Setores responsáveis por grande geração de empregos em Rondonópolis estão preocupados com a aprovação do novo Plano Diretor pela Câmara Municipal, sem as alterações que foram discutidas em audiências públicas e consideradas fundamentais para garantir a viabilidade econômica das empresas. A construção civil e todo mercado imobiliário são os mais afetados.
Alguns itens citados como preocupantes são a criação de zonas de amortecimento e de áreas de risco, próximas a parques, aldeias indígenas, córregos, rios e áreas de proteção, que vão atingir 60% do território da cidade.
Com isso, não será possível construir em 60% da área do Município de Rondonópolis. Essas mudanças afetariam não apenas a construção civil, mas as famílias que moram há anos na cidade e vão passar a ficar em zona de ilegalidade.
Outro fator que preocupa é a verticalização de Rondonópolis, hoje em plena expansão.

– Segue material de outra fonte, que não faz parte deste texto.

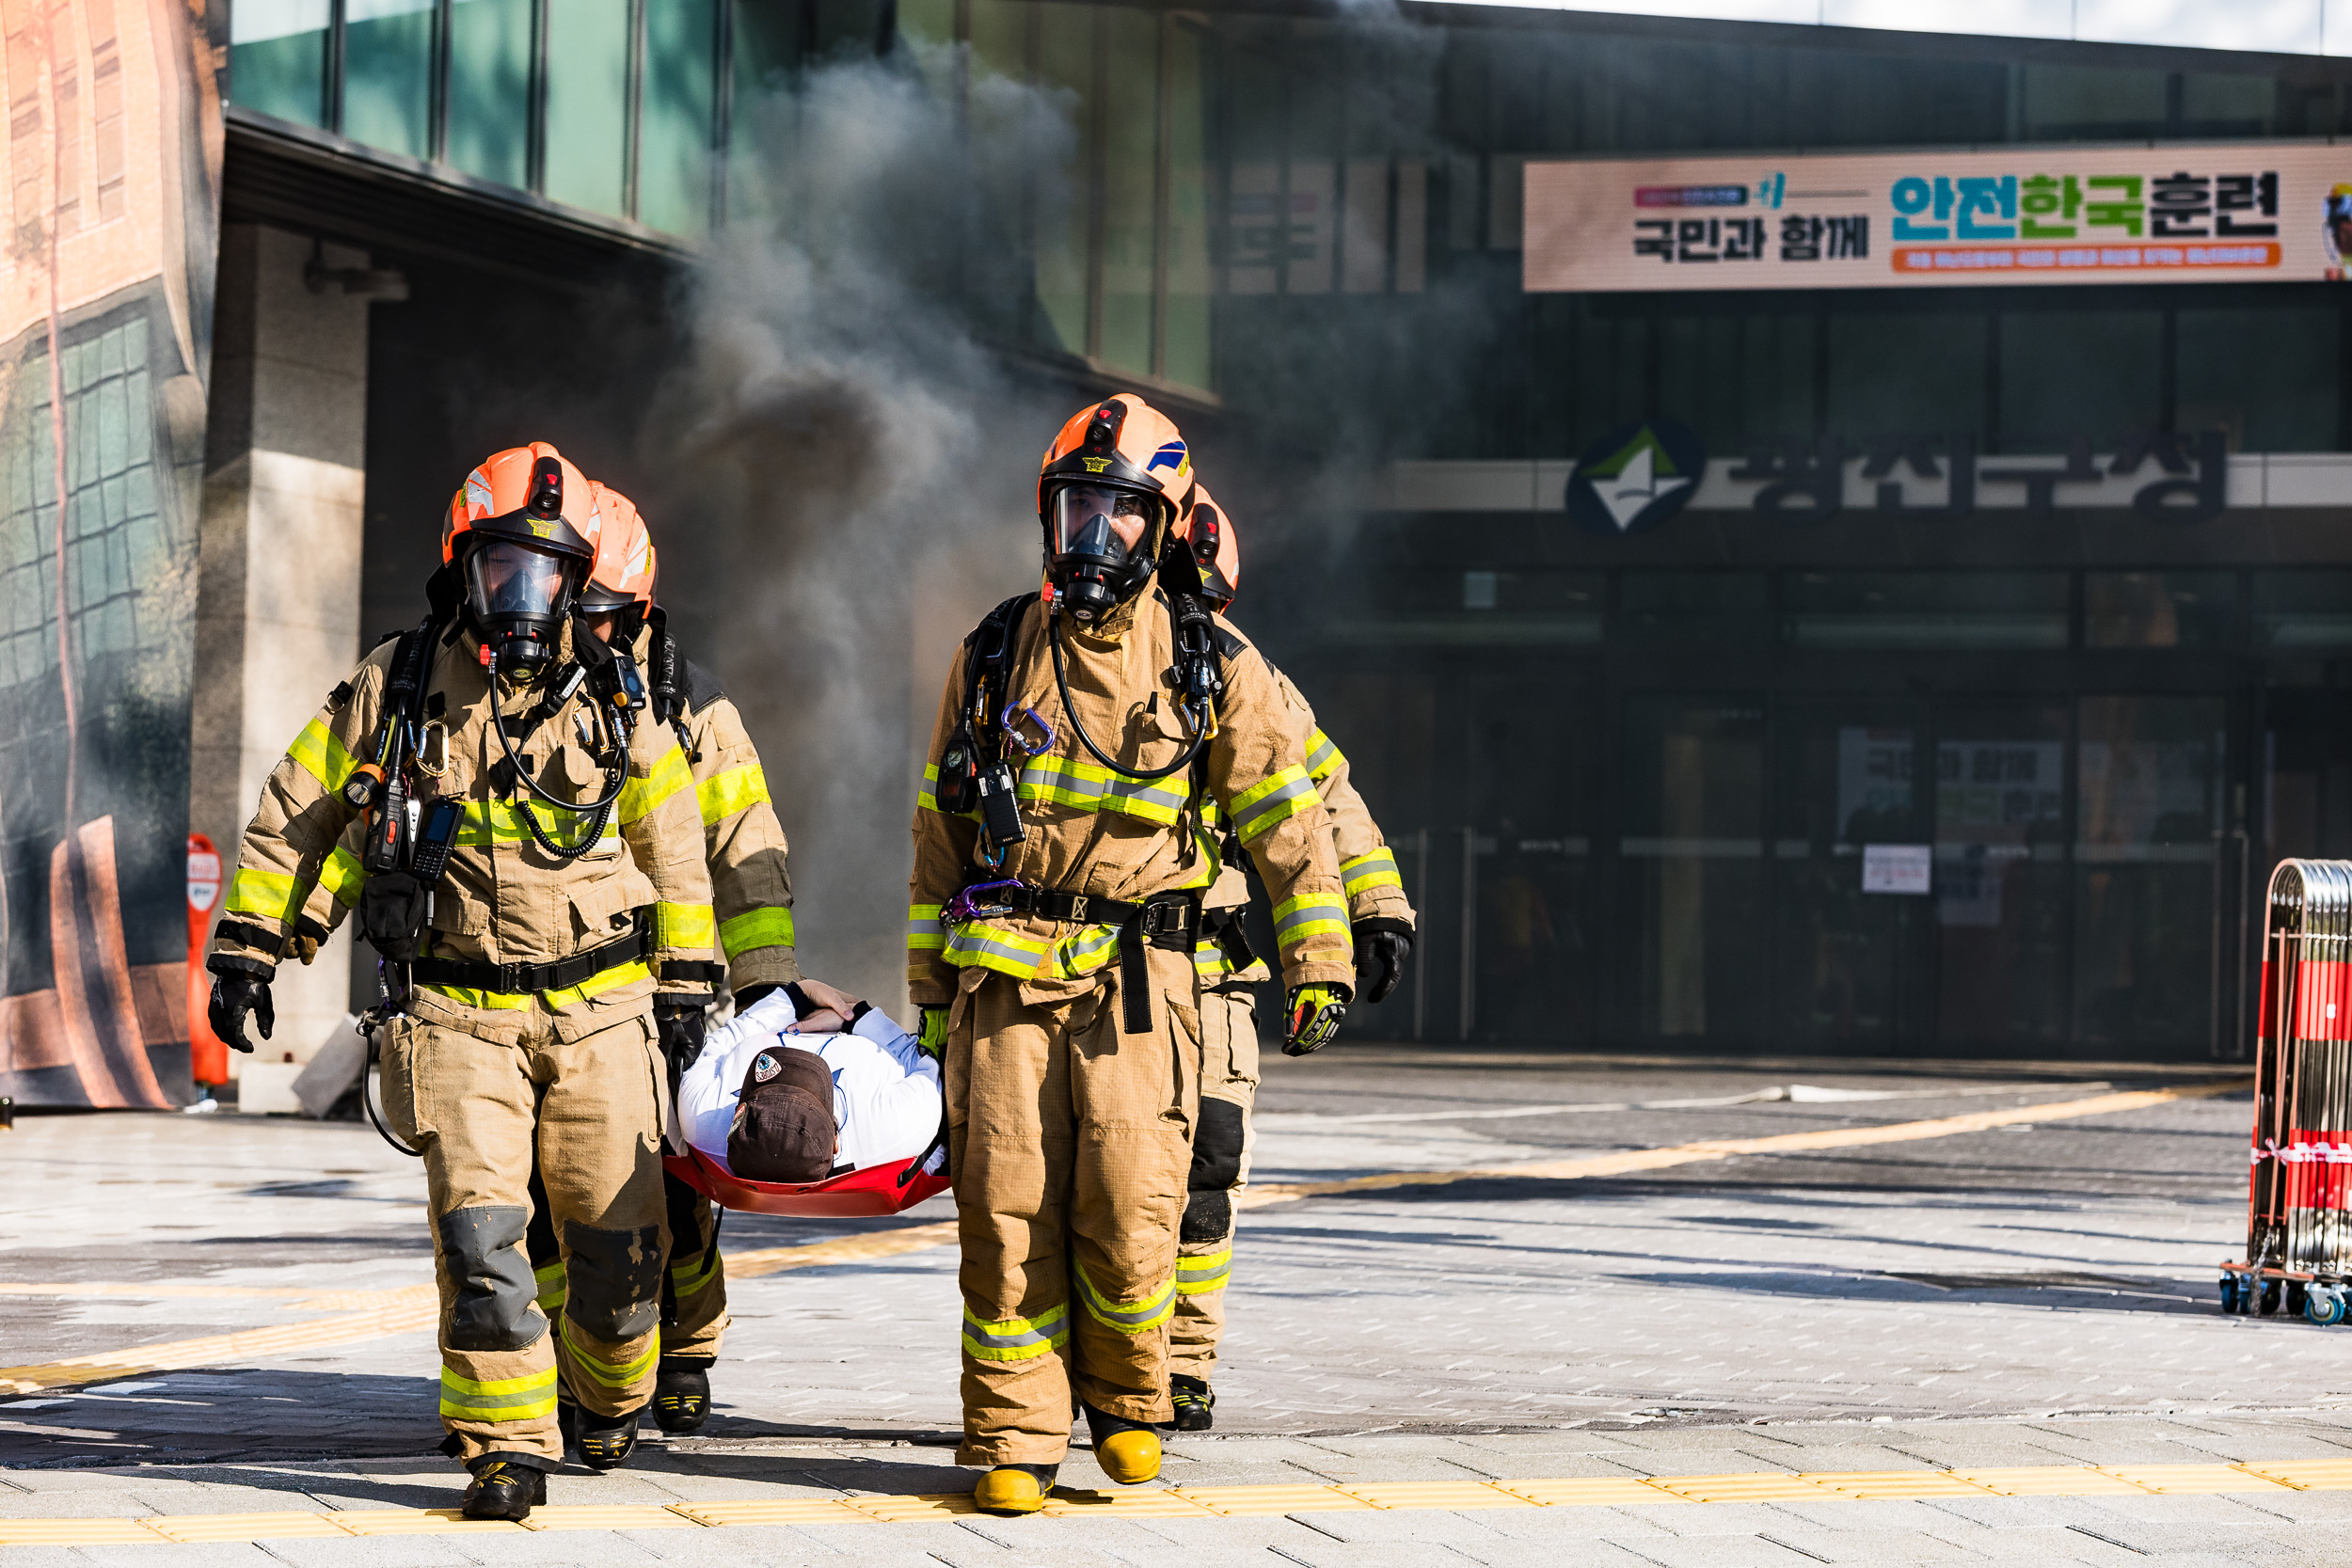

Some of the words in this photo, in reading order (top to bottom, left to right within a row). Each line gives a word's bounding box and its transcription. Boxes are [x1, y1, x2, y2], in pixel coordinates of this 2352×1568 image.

[1891, 171, 2279, 240] 안전한국훈련
[1634, 216, 1766, 262] 국민과
[1780, 213, 1870, 261] 함께
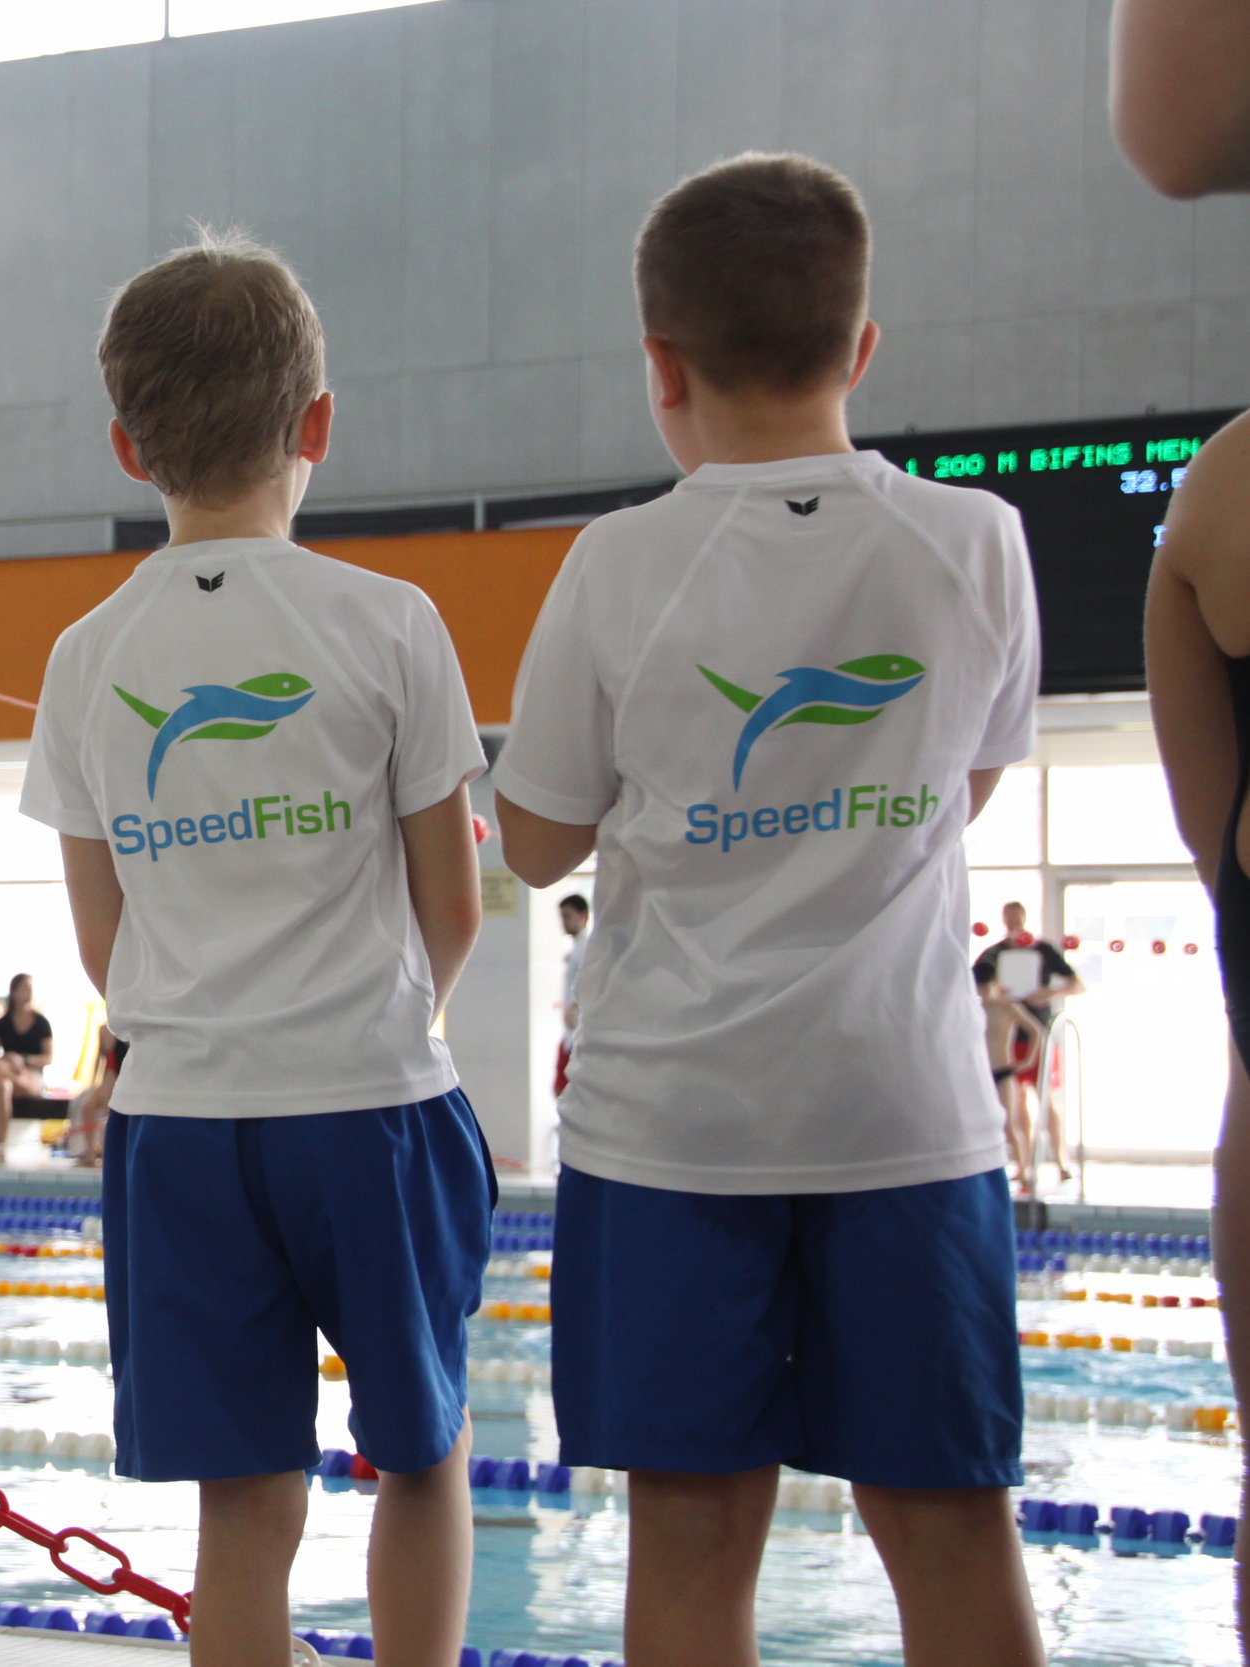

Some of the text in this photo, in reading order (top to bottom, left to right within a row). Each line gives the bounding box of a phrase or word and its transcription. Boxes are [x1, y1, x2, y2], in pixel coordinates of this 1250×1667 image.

Com o novo Plano, um edifício que teria 25 andares só poderá ter 6, e um edifício que poderia ter 40 andares só poderá ter 10. Isso, para as empresas, não paga sequer o custo do terreno para a obra, alerta o setor. O novo Plano também afeta a expansão horizontal, já que condomínios ou residenciais que teriam 400 lotes, por exemplo, terão que passar a ter bem menos.
Entidades do setor já se posicionaram contra a aprovação do Plano sem as alterações que foram amplamente discutidas e cobram que a Casa de Leis, via emendas, entenda a necessidade de garantir o funcionamento de áreas que já são a marca da cidade e responsáveis pelo sustento de incontáveis famílias rondonopolitanas.